Annotated photo localization data
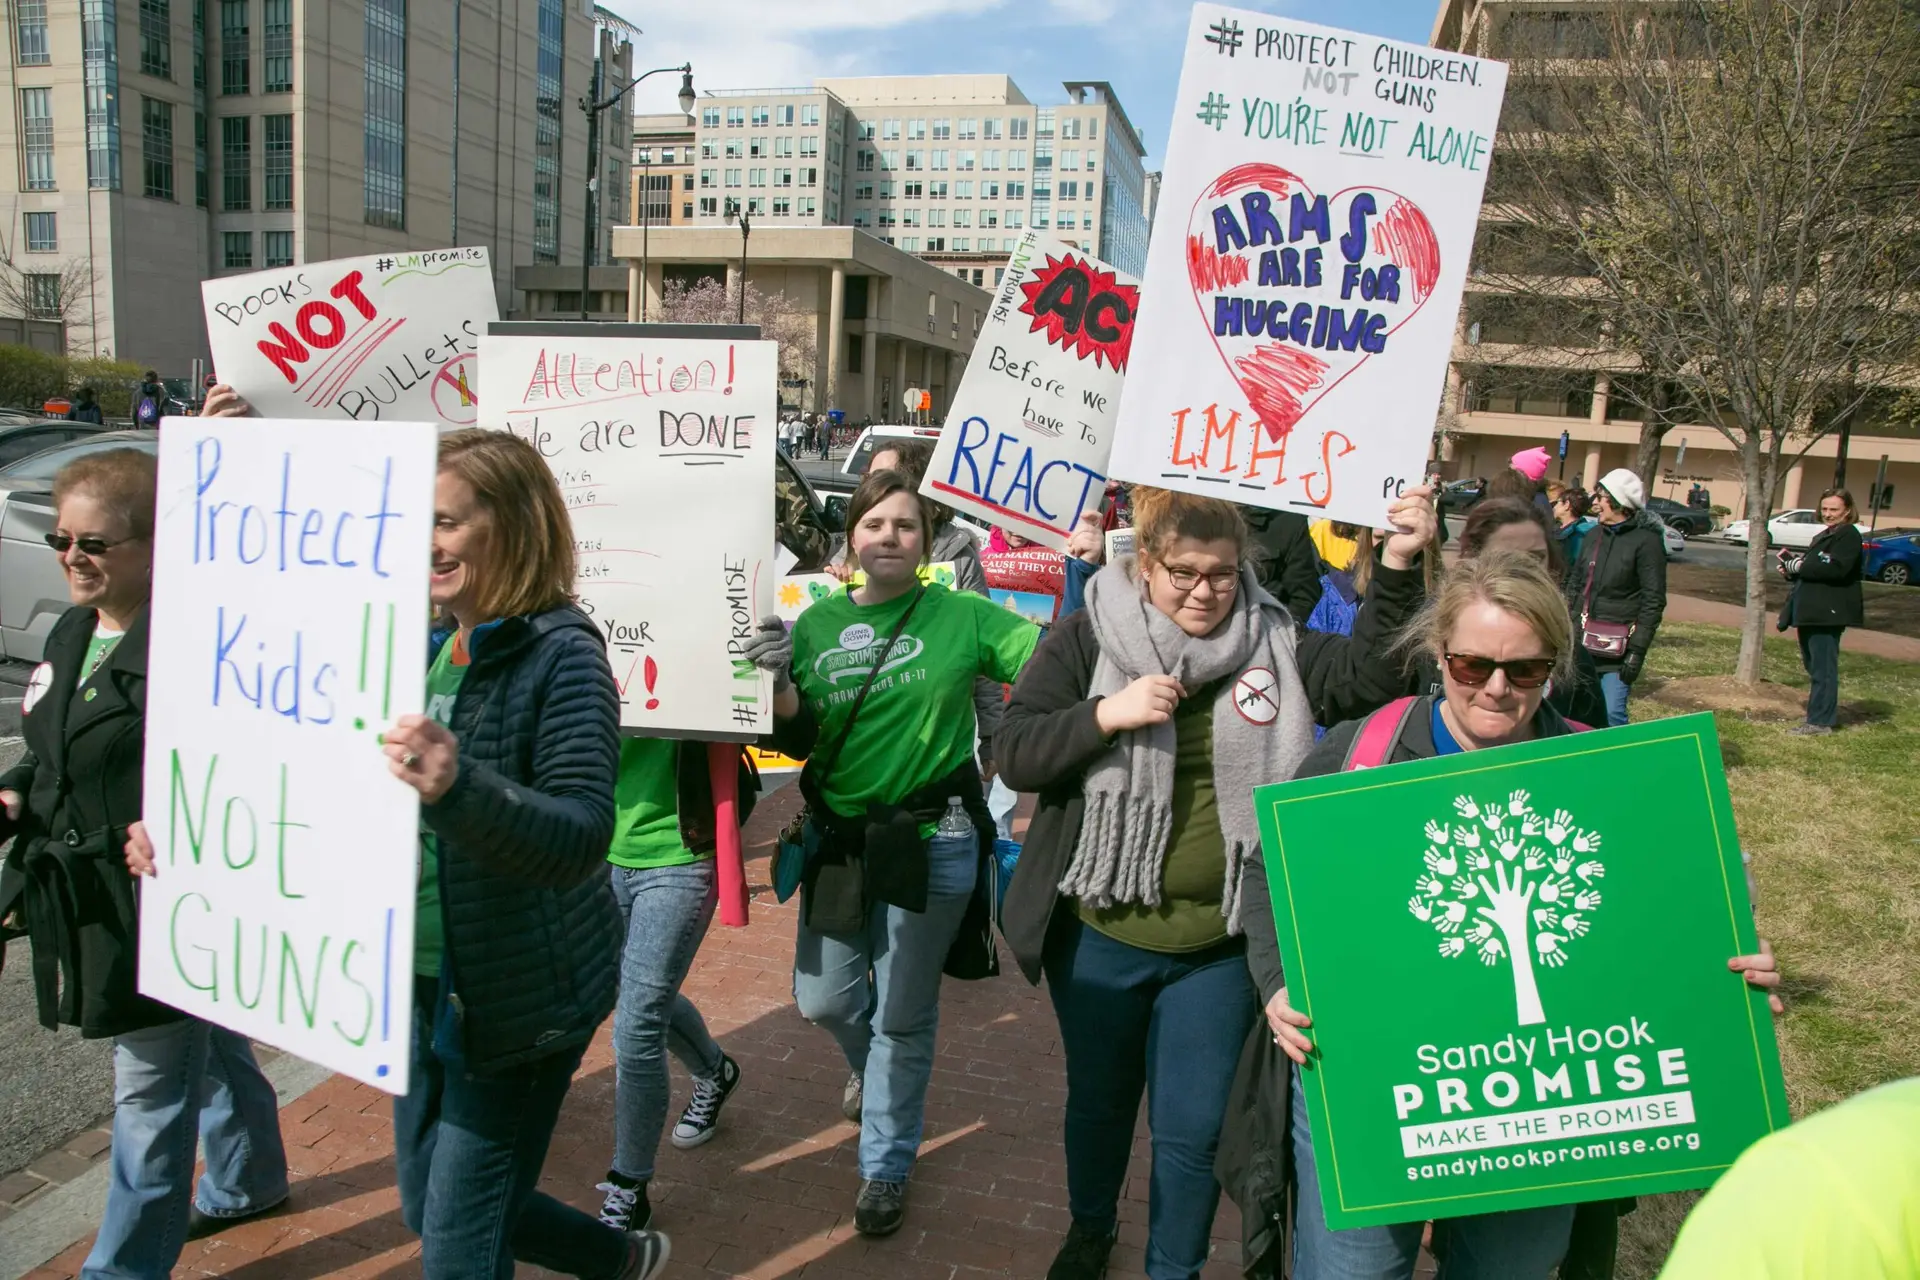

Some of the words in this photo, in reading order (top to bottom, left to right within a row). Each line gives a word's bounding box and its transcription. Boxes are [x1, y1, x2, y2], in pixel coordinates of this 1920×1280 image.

[1255, 27, 1357, 67] PROTECT
[1373, 43, 1482, 87] CHILDREN.
[1302, 66, 1359, 96] NOT
[1375, 79, 1437, 113] GUNS
[1242, 96, 1329, 146] YOU'RE
[1339, 111, 1399, 153] NOT
[1407, 121, 1488, 172] ALONE
[1212, 191, 1377, 263] ARMS
[214, 273, 312, 327] BOOKS
[992, 231, 1037, 327] #LMPROMISE
[1033, 266, 1137, 343] AC
[1258, 247, 1324, 289] ARE
[1340, 263, 1402, 304] FOR
[256, 270, 378, 385] NOT
[1213, 295, 1389, 355] HUGGING
[522, 344, 735, 404] Attention!
[988, 345, 1065, 398] Before
[506, 416, 564, 458] We
[579, 418, 638, 454] are
[658, 409, 756, 450] DONE
[1022, 397, 1065, 436] have
[947, 416, 1107, 532] REACT
[1171, 402, 1357, 507] LMHS
[193, 435, 405, 579] Protect
[1003, 551, 1066, 563] MARCHING
[1017, 561, 1047, 573] THEY
[1048, 565, 1066, 576] CA
[604, 619, 655, 644] YOUR
[843, 632, 870, 643] DOWN
[844, 627, 869, 637] GUNS
[900, 668, 926, 685] 16-17
[169, 748, 311, 899] Not
[170, 891, 394, 1078] GUNS!
[1415, 1032, 1537, 1075] Sandy
[1546, 1015, 1656, 1058] Hook
[1392, 1047, 1691, 1121] PROMISE
[1416, 1124, 1488, 1150] MAKE
[1498, 1116, 1549, 1139] THE
[1559, 1100, 1679, 1132] PROMISE
[1406, 1132, 1701, 1181] sandyhookpromise.org

**What this task involves:** Your copy should match the records word for word, with the pictures removed.

**Solution:**
Some of the words in this photo, in reading order (top to bottom, left to right within a row). Each line gives a word's bounding box and its transcription. Boxes are [x1, y1, x2, y2], in pixel coordinates of this 1920×1280 image.

[1255, 27, 1357, 67] PROTECT
[1373, 43, 1482, 87] CHILDREN.
[1302, 66, 1359, 96] NOT
[1375, 79, 1437, 113] GUNS
[1242, 96, 1329, 146] YOU'RE
[1339, 111, 1399, 153] NOT
[1407, 121, 1488, 172] ALONE
[1212, 191, 1377, 263] ARMS
[214, 273, 312, 327] BOOKS
[992, 231, 1037, 327] #LMPROMISE
[1033, 266, 1137, 343] AC
[1258, 247, 1324, 289] ARE
[1340, 263, 1402, 304] FOR
[256, 270, 378, 385] NOT
[1213, 295, 1389, 355] HUGGING
[522, 344, 735, 404] Attention!
[988, 345, 1065, 398] Before
[506, 416, 564, 458] We
[579, 418, 638, 454] are
[658, 409, 756, 450] DONE
[1022, 397, 1065, 436] have
[947, 416, 1107, 532] REACT
[1171, 402, 1357, 507] LMHS
[193, 435, 405, 579] Protect
[1003, 551, 1066, 563] MARCHING
[1017, 561, 1047, 573] THEY
[1048, 565, 1066, 576] CA
[604, 619, 655, 644] YOUR
[843, 632, 870, 643] DOWN
[844, 627, 869, 637] GUNS
[900, 668, 926, 685] 16-17
[169, 748, 311, 899] Not
[170, 891, 394, 1078] GUNS!
[1415, 1032, 1537, 1075] Sandy
[1546, 1015, 1656, 1058] Hook
[1392, 1047, 1691, 1121] PROMISE
[1416, 1124, 1488, 1150] MAKE
[1498, 1116, 1549, 1139] THE
[1559, 1100, 1679, 1132] PROMISE
[1406, 1132, 1701, 1181] sandyhookpromise.org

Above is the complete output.